In the initial scenes I wonder if it will be entirely Morrish’s show, but as the play progresses there are moments of real vulnerability and beauty conjured by the other actresses, especially in an exchange about domestic abuse that takes place between Amy Malone (Isabel) and Julia Kass (Helen). Indeed, there is a real sense of ensemble throughout, and whilst each cast member pulls more than her weight in individual merit, it is the collective performance and subtle interchanges which hammer home that this is a play about ‘madwomen’ in the plural.

The lighting changes are minimal and the chairs only moved once during the performance, challenging the cast to retain audience engagement when most of the play is static. Although there are occasional moments in earlier scenes where the energy very slightly drops, it soon regains momentum to build in intensity until the final curtain. When it does fall, a rather large part of me wants to shout after the enthusiastic applause: ‘Wait. No. Come back!’

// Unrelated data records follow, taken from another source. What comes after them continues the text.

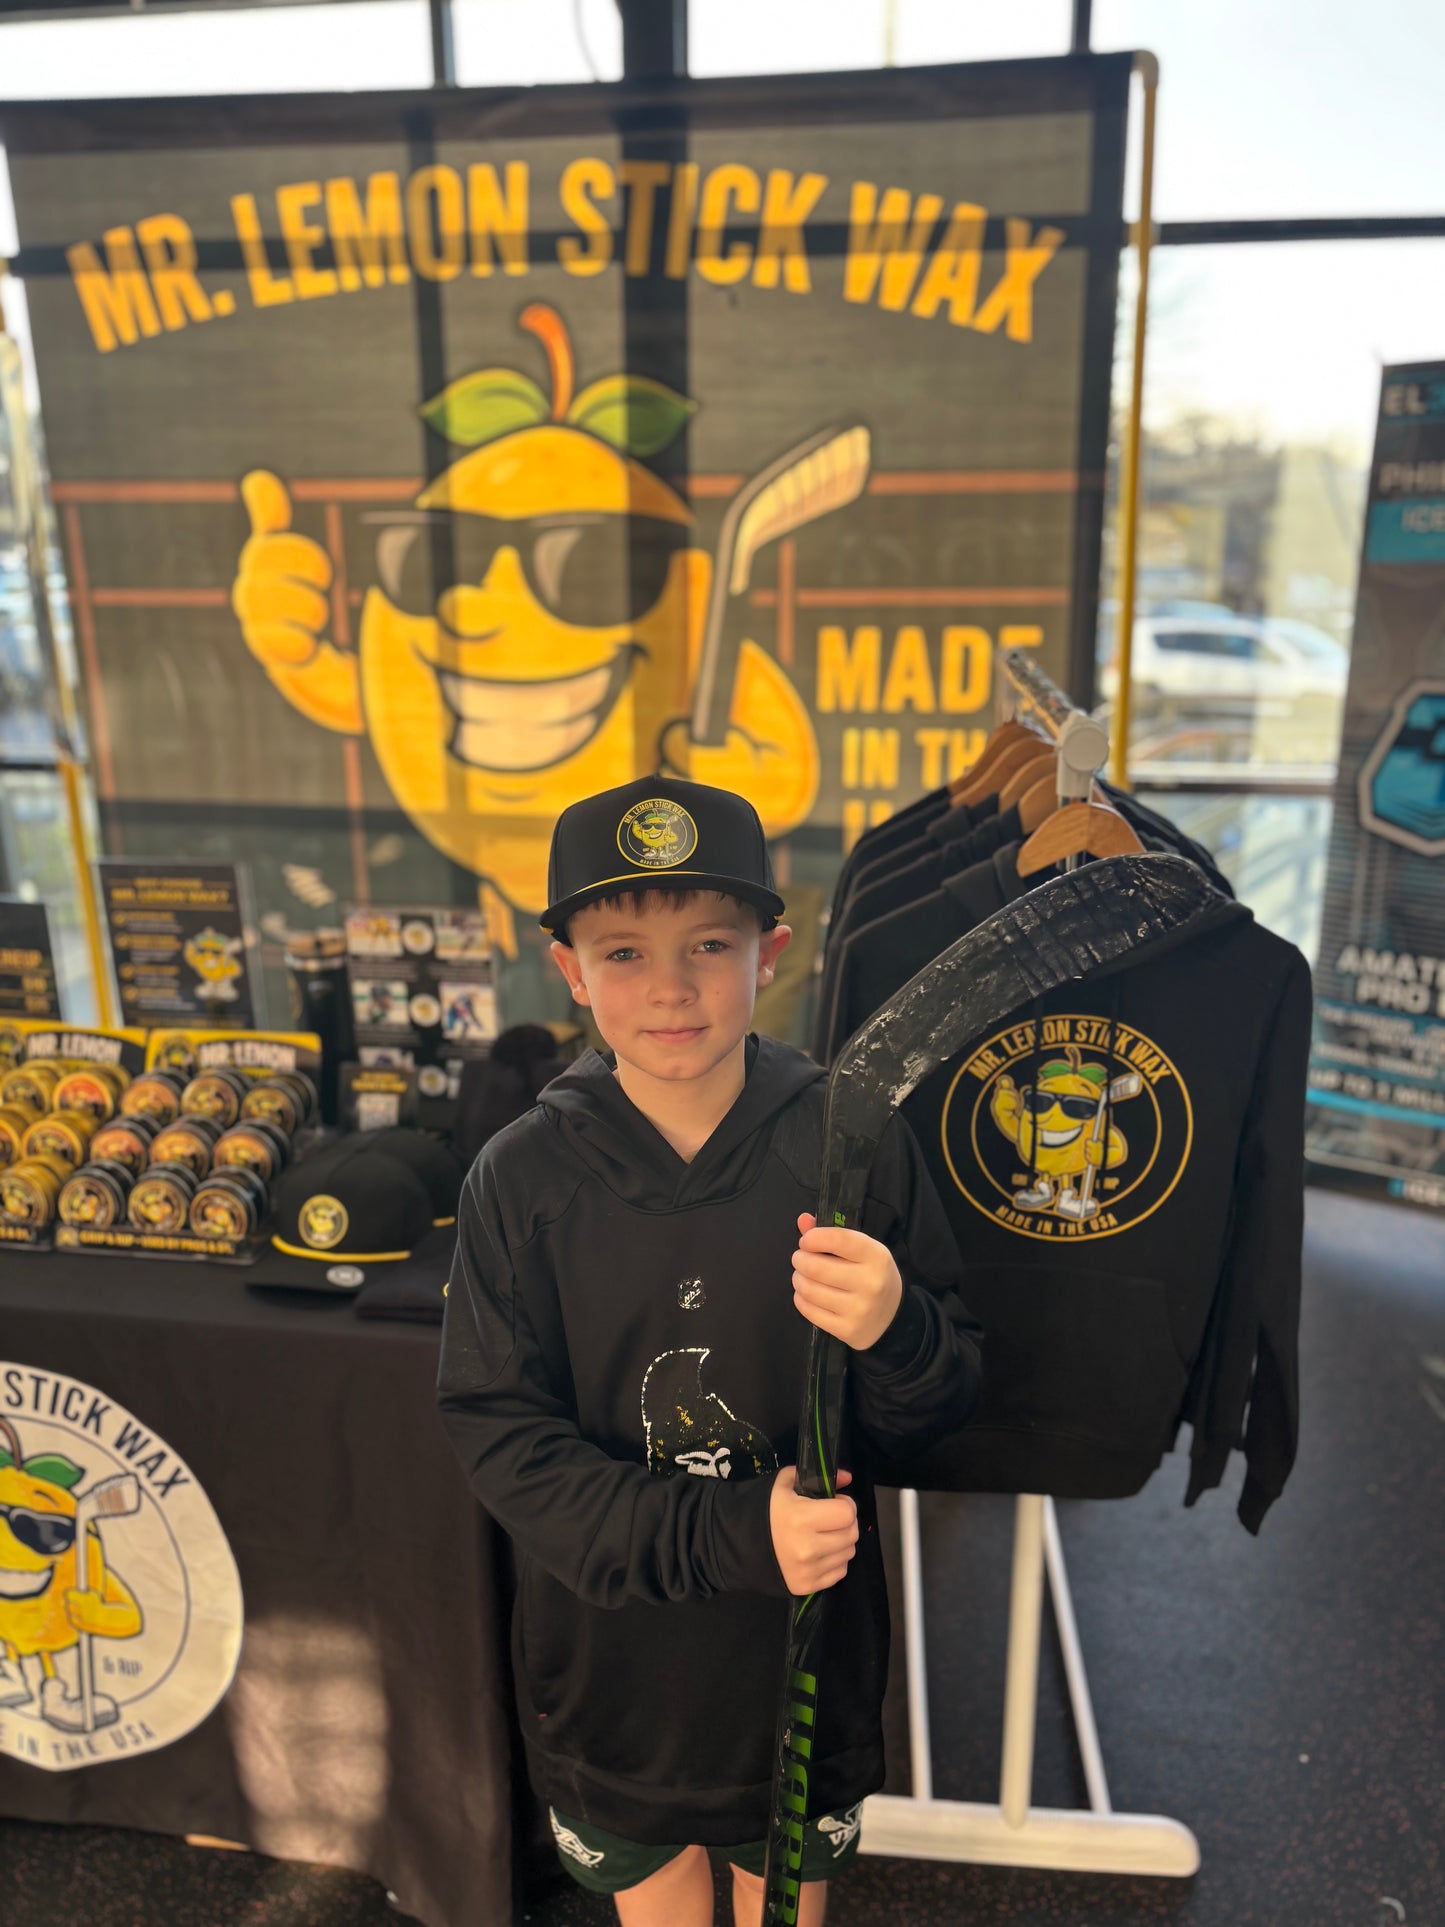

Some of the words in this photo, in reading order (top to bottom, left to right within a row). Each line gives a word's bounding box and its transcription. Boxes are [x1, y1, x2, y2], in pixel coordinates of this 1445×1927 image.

[66, 213, 235, 353] MR.
[230, 160, 530, 308] LEMON
[557, 157, 828, 294] STICK
[844, 180, 1066, 343] WAX
[842, 727, 899, 790] IN
[632, 802, 654, 815] LEMON
[654, 801, 673, 809] STICK
[672, 805, 686, 818] WAX
[968, 1049, 1006, 1081] MR.
[1128, 1041, 1171, 1085] WAX
[995, 1204, 1033, 1230] MADE
[1036, 1220, 1053, 1235] IN
[1059, 1221, 1085, 1236] THE
[1090, 1213, 1118, 1232] USA
[5, 1370, 111, 1435] STICK
[114, 1420, 189, 1497] WAX
[18, 1732, 38, 1756] IN
[52, 1735, 98, 1762] THE
[109, 1721, 154, 1750] USA
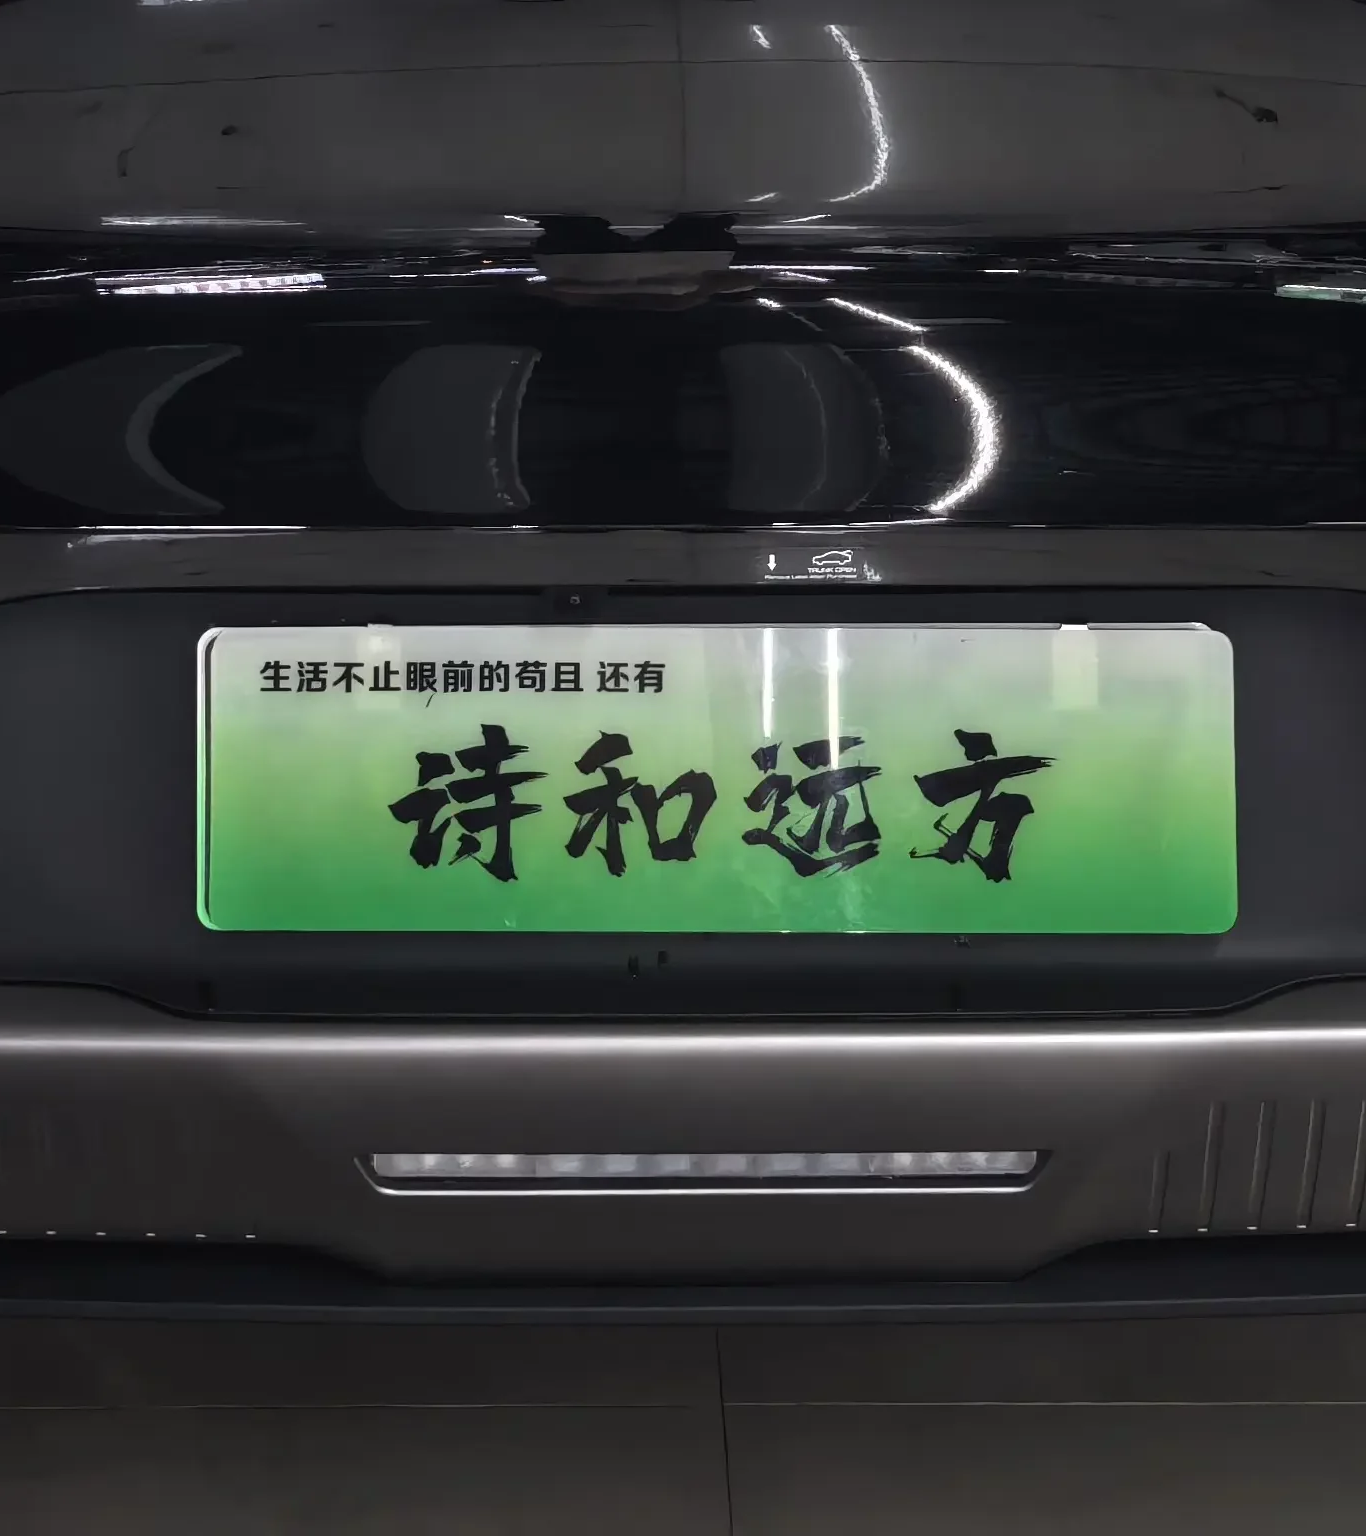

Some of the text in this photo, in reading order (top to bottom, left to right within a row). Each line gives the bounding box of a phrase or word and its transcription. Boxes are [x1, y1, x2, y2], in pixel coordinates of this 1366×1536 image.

[259, 661, 666, 693] 生活不止眼前的苟且 还有
[388, 723, 1059, 884] 诗和远方
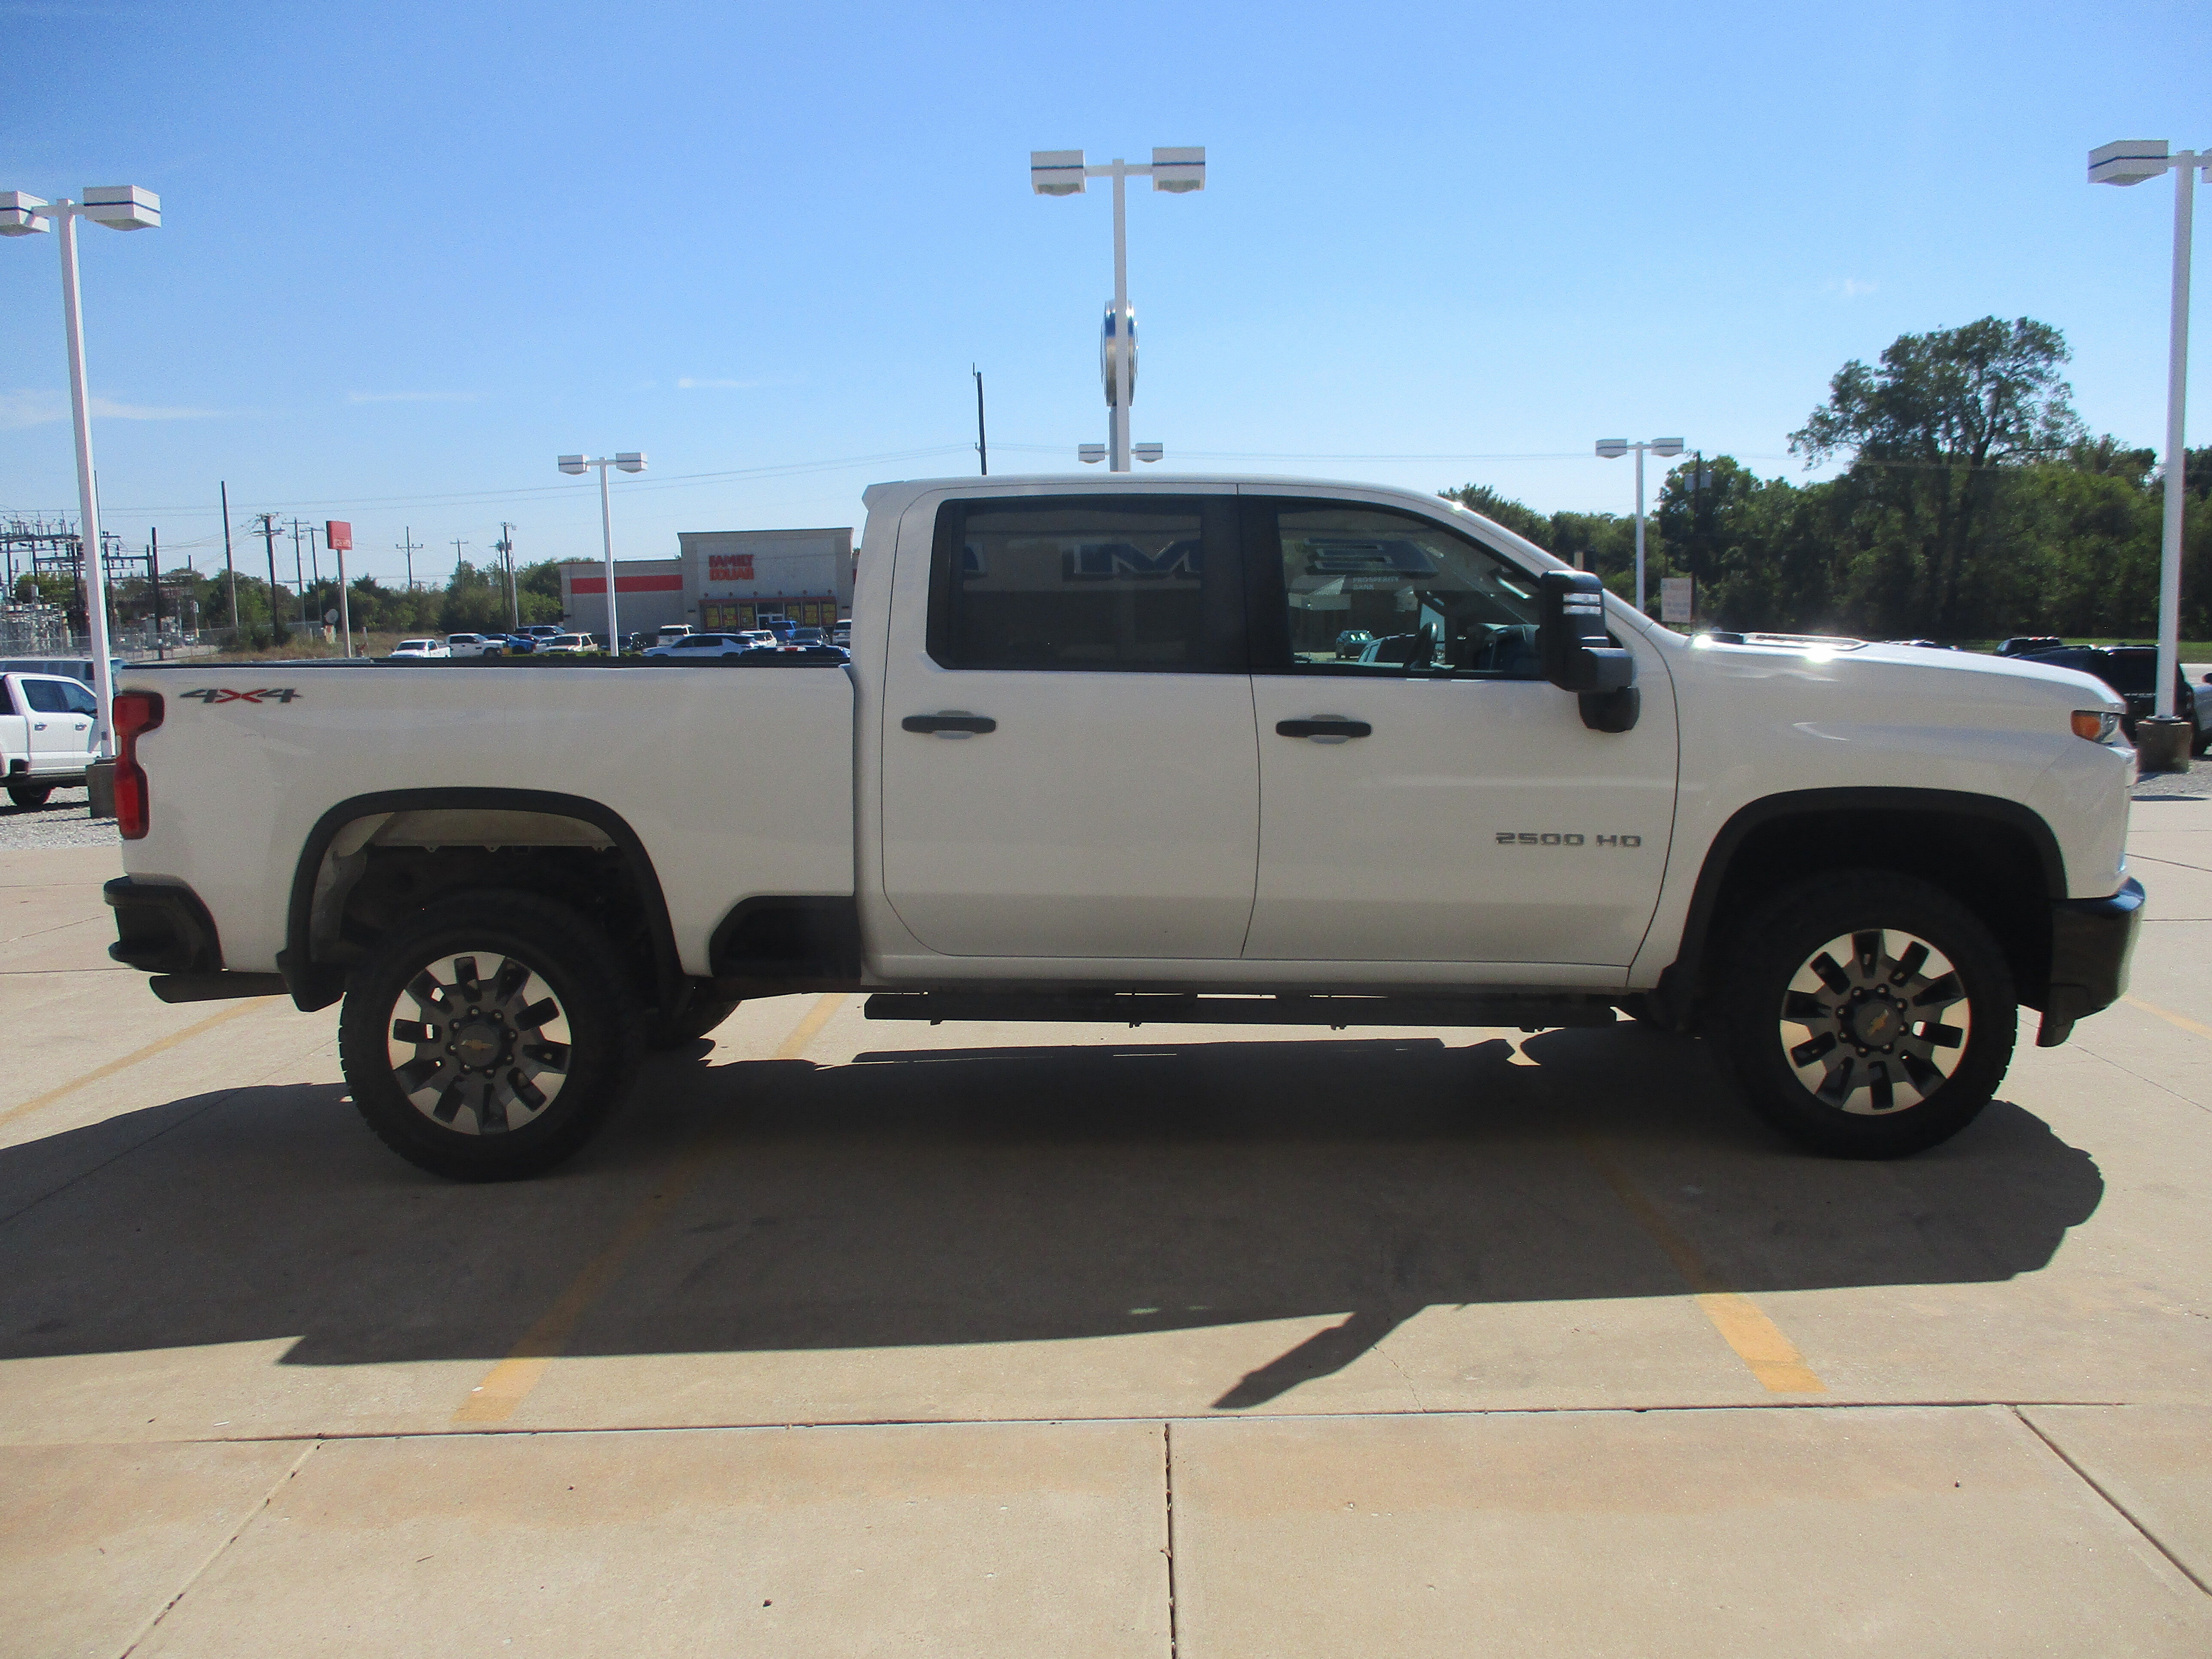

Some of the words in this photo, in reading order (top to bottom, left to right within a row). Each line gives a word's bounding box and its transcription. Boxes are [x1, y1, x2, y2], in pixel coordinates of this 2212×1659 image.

[709, 554, 754, 567] FAMILY
[710, 567, 754, 580] DOLLAR
[1495, 832, 1585, 845] 2500
[1596, 834, 1642, 847] HD

It’s an odd play, but the oddness works. One moment, the audience is giggling about a rather nasty yeast infection, the next crushed beneath the weight of Morrish’s hopeless observation: ‘We’re all alone, all together. All united - together in nothingness.’ The script is fantastic: Kennan takes what she likes from Bronte, then throws in Countryfile and thrush to produce something that deserves a title echoing Gilbert and Gubar’s feminist masterpiece.

As I head for the door after an hour well spent, I encounter a fellow audience member searching vainly for the Gents. He stops to nod and remark with slightly dazed eyes: ‘That was good.’ I’m inclined to agree.